This week’s new DVDs range from a popular super hero movie and an Oscar-winning film.

Doctor Strange, 4 stars: Egotistical surgeon finds new mystical powers. Benedict Cumberbatch stars. Cumberbatch brings a seriousness to the role that helps bridge the skepticism gap created with any feature film based on a comic book.

His reverent approach to playing the role makes it easy to accept the character, both as a self-centered man of medicine and as a manipulator of magic. It takes a confident actor to be able to slip into a superhero costume and make it look serious.

Cumberbatch embraces the look as if he were starring in Hamlet.

Moonlight, 4 stars: The movie, written and directed by Barry Jenkins, is a slow journey through the pain-filled life of a young black man charted from his troubled childhood to his uncertain adulthood.

The way Jenkins has structured his work isn’t to give us a fully formed adult but to give the audience a ringside seat to see the outside influences that shaped this young man.

It’s painful and frustrating to watch at times but compelling and engaging.

Allied, 3 stars: Love affair between World War II spies becomes complicated. Brad Pitt stars. Allied has a beautiful look, with director Robert Zemeckis using modern technology to make the war period look stunningly real.

He doesn’t miss a visual cue, from the quiet moments between his stars to a dazzling bombing attack. The script has problems.

Rules Don’t Apply, 3 stars: It’s possible to be blinded by passion. That’s exactly what happened with Warren Beatty as he finally got his Howard Hughes project made with Rules Don’t Apply. Just like the Spruce Goose, the Beatty film is beautiful when it lifts off, but it fails to soar.

It’s been years since Beatty directed films like Heaven Can Wait, Reds, Dick Tracy and Bulworth. Even before he directed those productions, Beatty wanted to make a project based on the bizarre life of Hughes.

He gets his chance to fulfill that dream with his return to Hollywood as the writer, director and star of Rules Don’t Apply.
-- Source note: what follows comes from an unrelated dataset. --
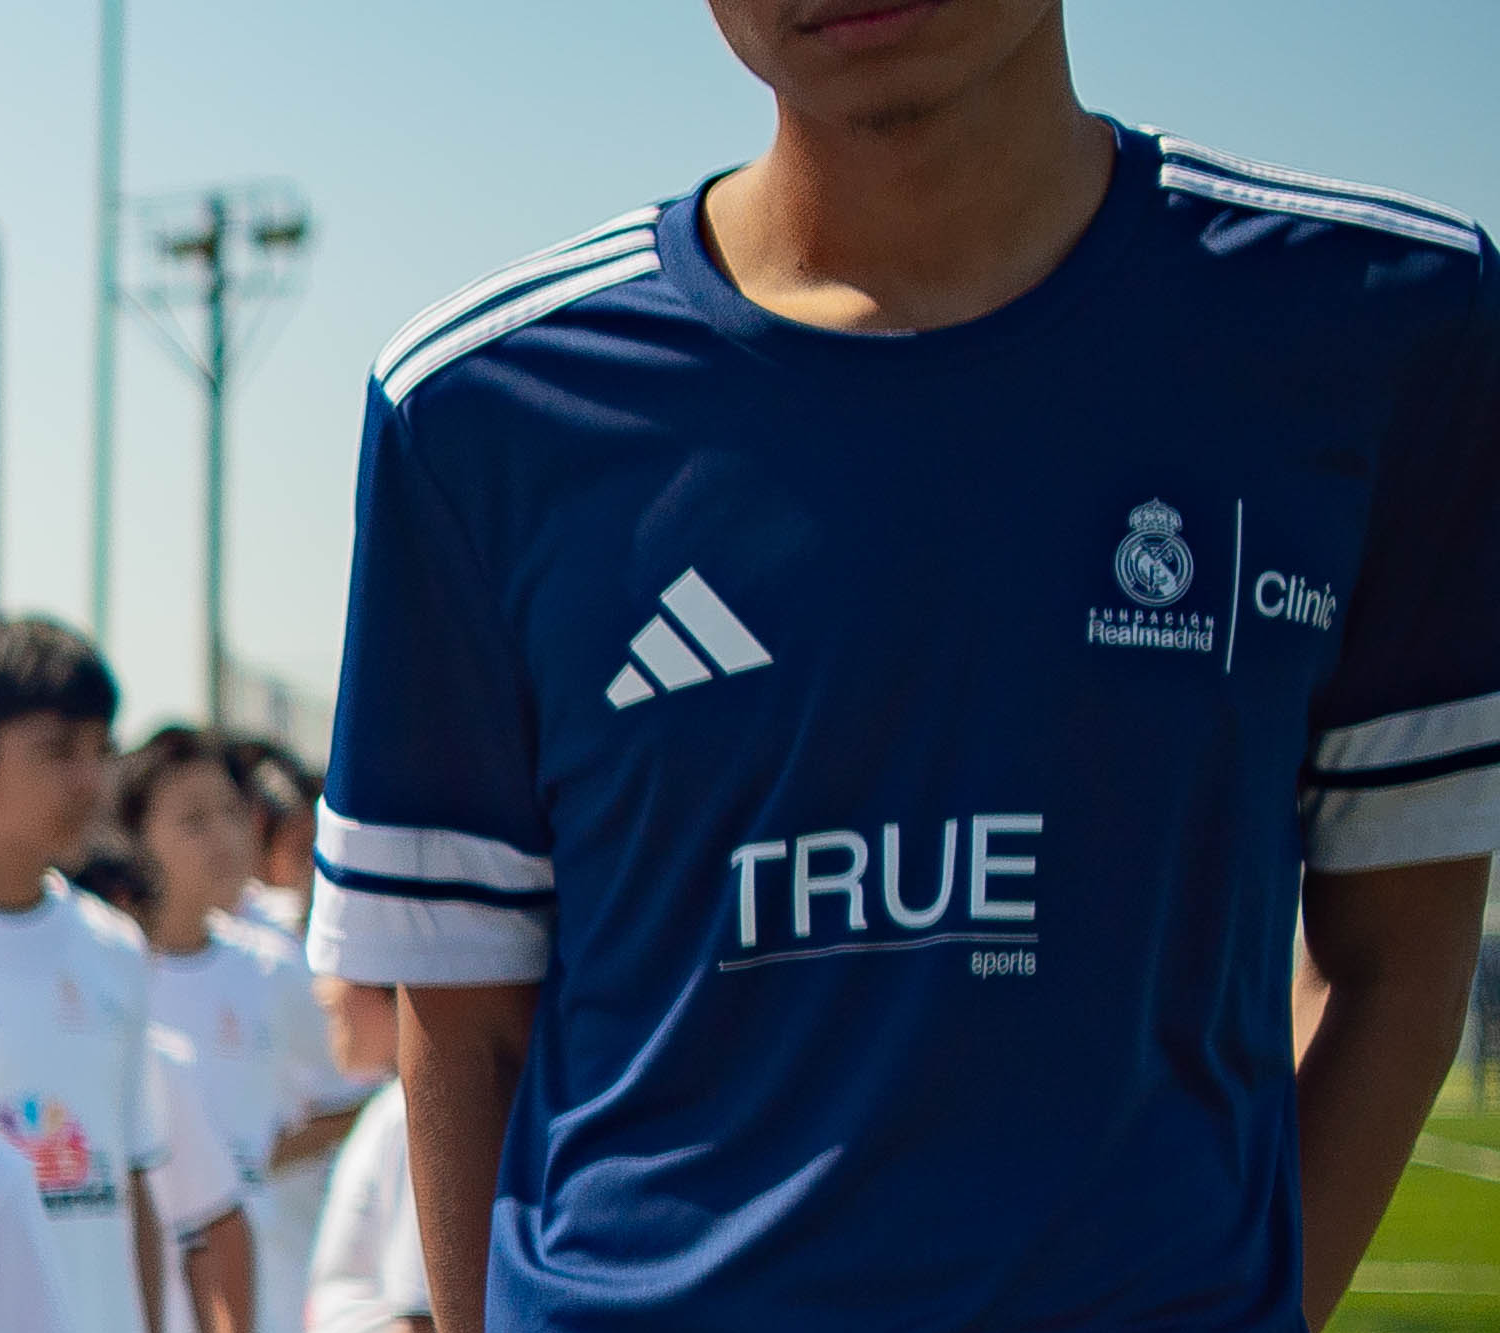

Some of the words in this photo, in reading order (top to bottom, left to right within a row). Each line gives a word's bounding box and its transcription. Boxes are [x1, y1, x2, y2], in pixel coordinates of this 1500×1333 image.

[1254, 570, 1337, 631] Clinic
[1088, 617, 1214, 652] Realmadrid
[730, 813, 1044, 948] TRUE
Told generally in a giant flashback, Hughes finds himself in the early ’60s embroiled in a battle to maintain control of TWA while trying to get his movie production wing going.

Also New

Fuller House: The Complete First Season: Includes 13 episodes of the spinoff series.

Shut In: Child psychologist is convinced missing boy is haunting her.

Deadtime Stories: Nightmares come to life in a salute to the age-old bedtime story ritual.

Officer Downe: Story of an immortal, crime-fighting police officer and his rookie sidekick.

All We Had: Mother and daughter find an unlikely home.

Chronic: Home-care nurse finds he needs his patients as much as they need him.